Looking forward employers seem to have weathered the latest round of workers’ compensation reforms well – although the cliché “the devil is in the details” is apropos enough to be tossed out.
Like the seven-year itch, the system requires massive, sometimes painful, reform every so often. The last reforms in 2003 and 2004 were ushered in by Gov. Arnold Schwarzenegger’s administration. This time it was Gov. Jerry Brown who issued a mandate to Department of Industrial Relations Director Christine Baker to get a deal done in negotiations that were limited to labor and a group of large, self-insured employers.

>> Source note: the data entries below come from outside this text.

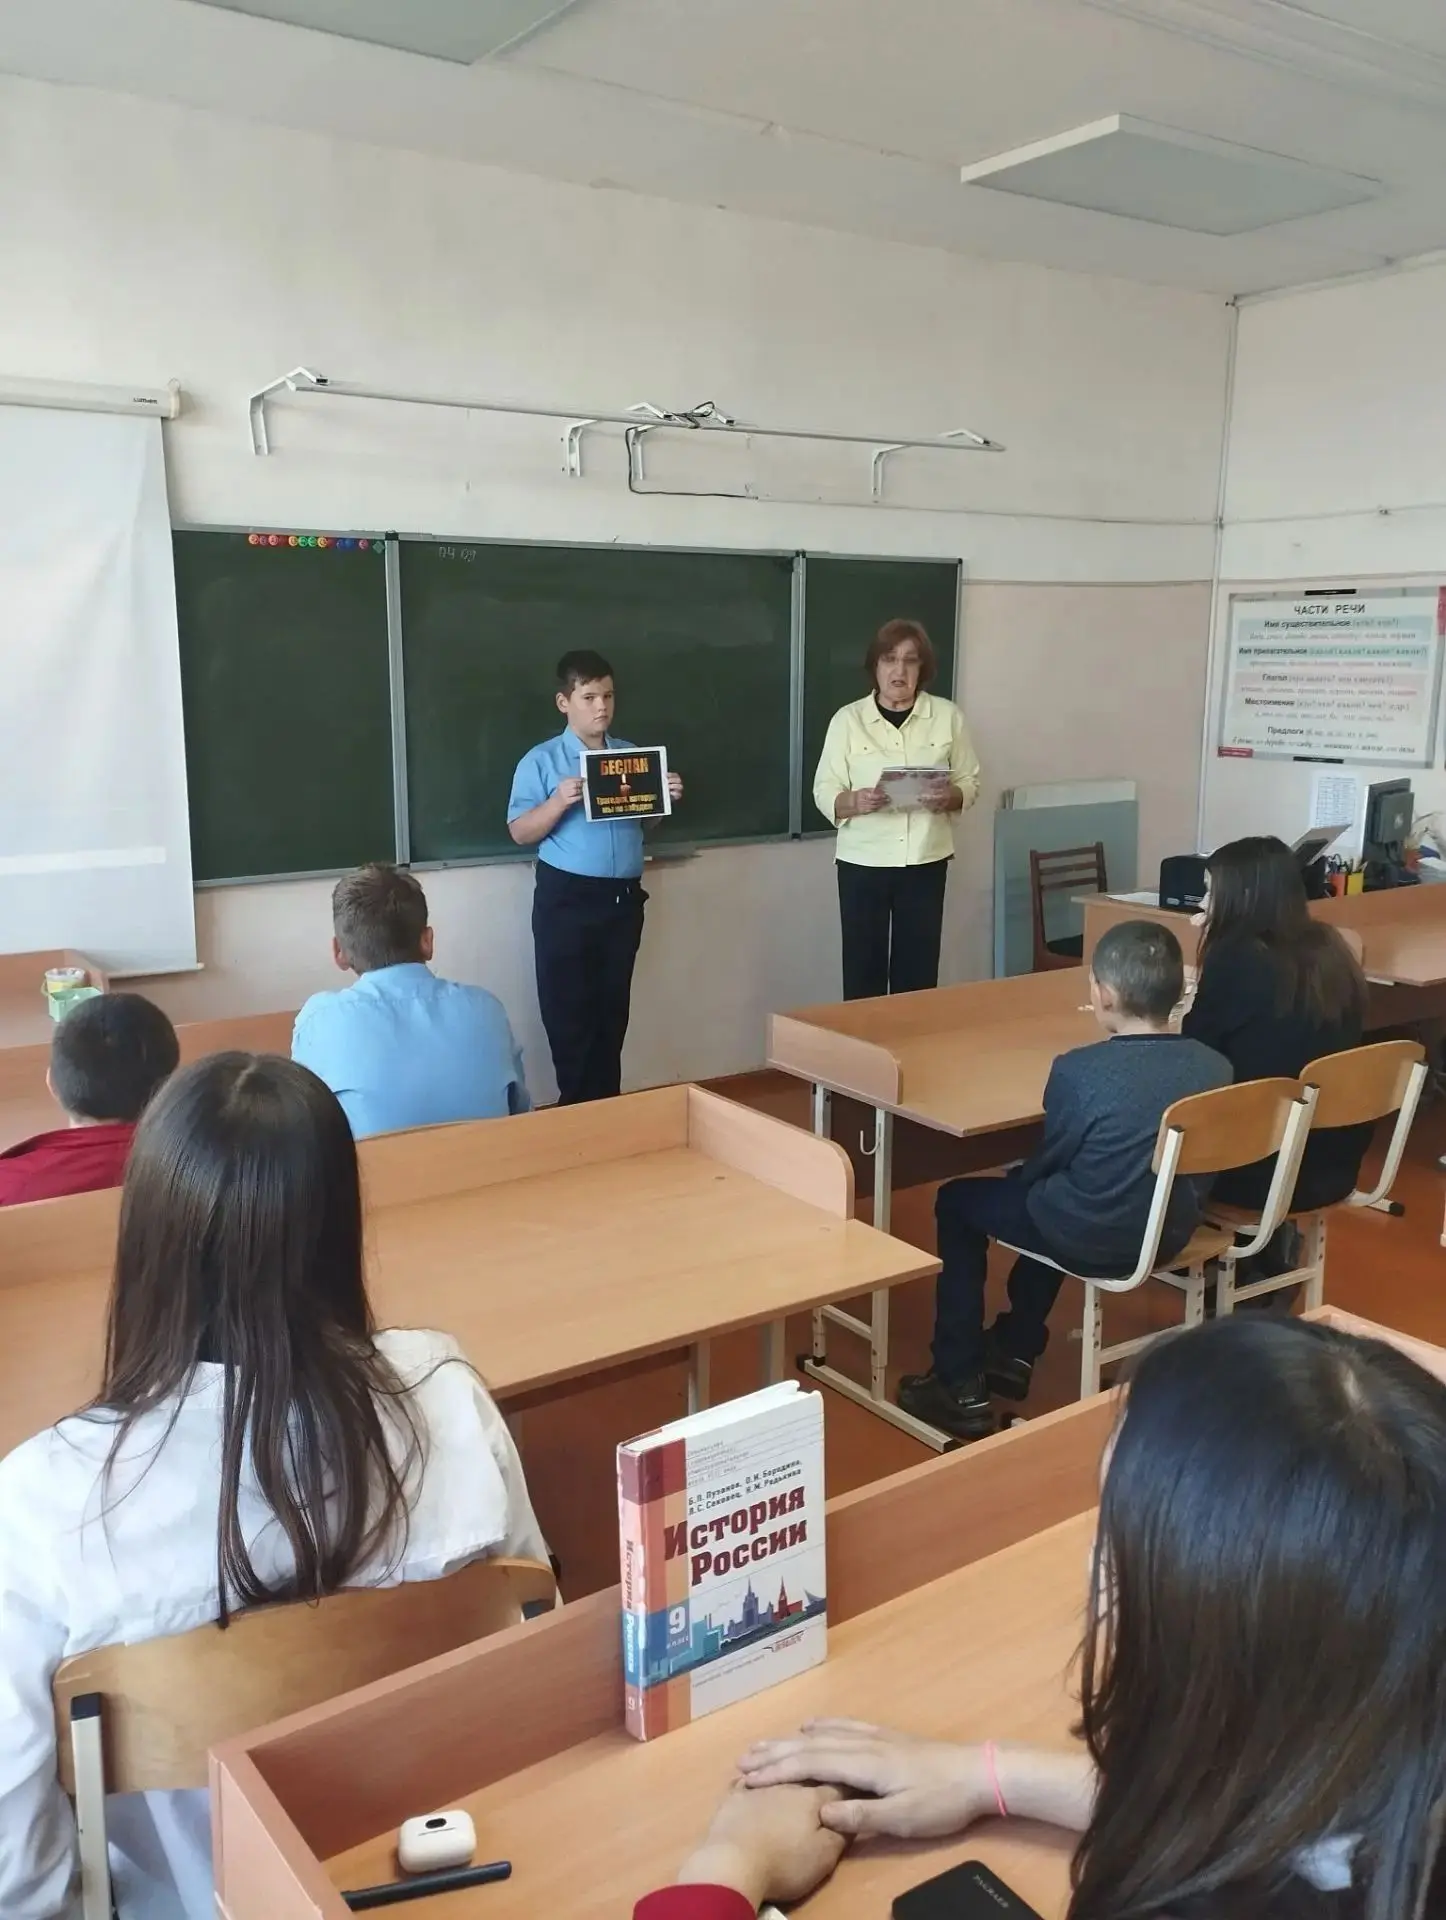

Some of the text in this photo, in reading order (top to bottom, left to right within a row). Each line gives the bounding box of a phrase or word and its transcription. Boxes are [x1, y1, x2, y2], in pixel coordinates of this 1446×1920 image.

[1281, 620, 1350, 629] существительное
[1294, 604, 1366, 615] ЧАСТИ РЕЧИ
[663, 1485, 805, 1562] История
[624, 1539, 634, 1610] История
[691, 1519, 807, 1587] России
[669, 1606, 686, 1635] 9

The result was Senate Bill 863, and many employers expressed optimism that the new law can save them on their workers’ comp premiums and that regulations needed to give the law teeth can be hammered out by the Jan. 1 deadline.
In the last few weeks seven regulations have been made public, though they are far from being approved, and some of those regulations are nearly as complex as the massive workers’ comp reform legislation itself, which at one point was more than 150 pages long.

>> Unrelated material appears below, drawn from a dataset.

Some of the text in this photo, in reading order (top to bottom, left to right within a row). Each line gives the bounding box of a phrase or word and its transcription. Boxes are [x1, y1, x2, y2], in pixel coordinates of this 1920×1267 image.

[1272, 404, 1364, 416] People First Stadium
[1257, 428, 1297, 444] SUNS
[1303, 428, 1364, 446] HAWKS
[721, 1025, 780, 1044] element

Sean McNally, one of the employers who sat in on negotiations and helped hammer out a deal that was approved just as the year’s legislative session was ending, was obviously bullish on what the new law promises.
In fact, he believes the new law “could just be a real game changer,” and said that if it works the way it’s designed, “I think could be just a paradigm change, really.”
McNally, vice president of corporate and government affairs for Grimmway Farms in Bakersfield, was also involved in the Schwarzenegger negotiations. Grimmway, a large agricultural producer with about 4,400 workers in California, saw significant savings following the passage of Schwarzenegger-backed Senate Bill 899 in 2004.
Not long afterward, however, those savings began to erode, McNally said.
“I’d say we had a 50 percent reduction in cost after 899,” said McNally, who noted the self-insured company manages its workers’ comp cases “aggressively and proactively.”
Despite taking a tough stance on workers’ comp cases as a company policy, costs began to escalate for firms like Grimmway as reform savings were eroded by judicial decisions, changes to the system and escalating medical costs, he said.
“I think that we lost probably almost half of the savings of what we accomplished with 899,” McNally said.
McNally declined to give actual costs, but offered a hypothetical comparison of Grimmway’s workers’ comp costs that he said were to scale. Hypothetically Grimmway’s workers’ comp costs following the Schwarzenegger reforms went from $10 million down to $5 million, he said. Then they slowly began to grow, reaching from $7.5 million to $8 million this year, he said.
“I’m hoping we get back to $6.5 million,” he said.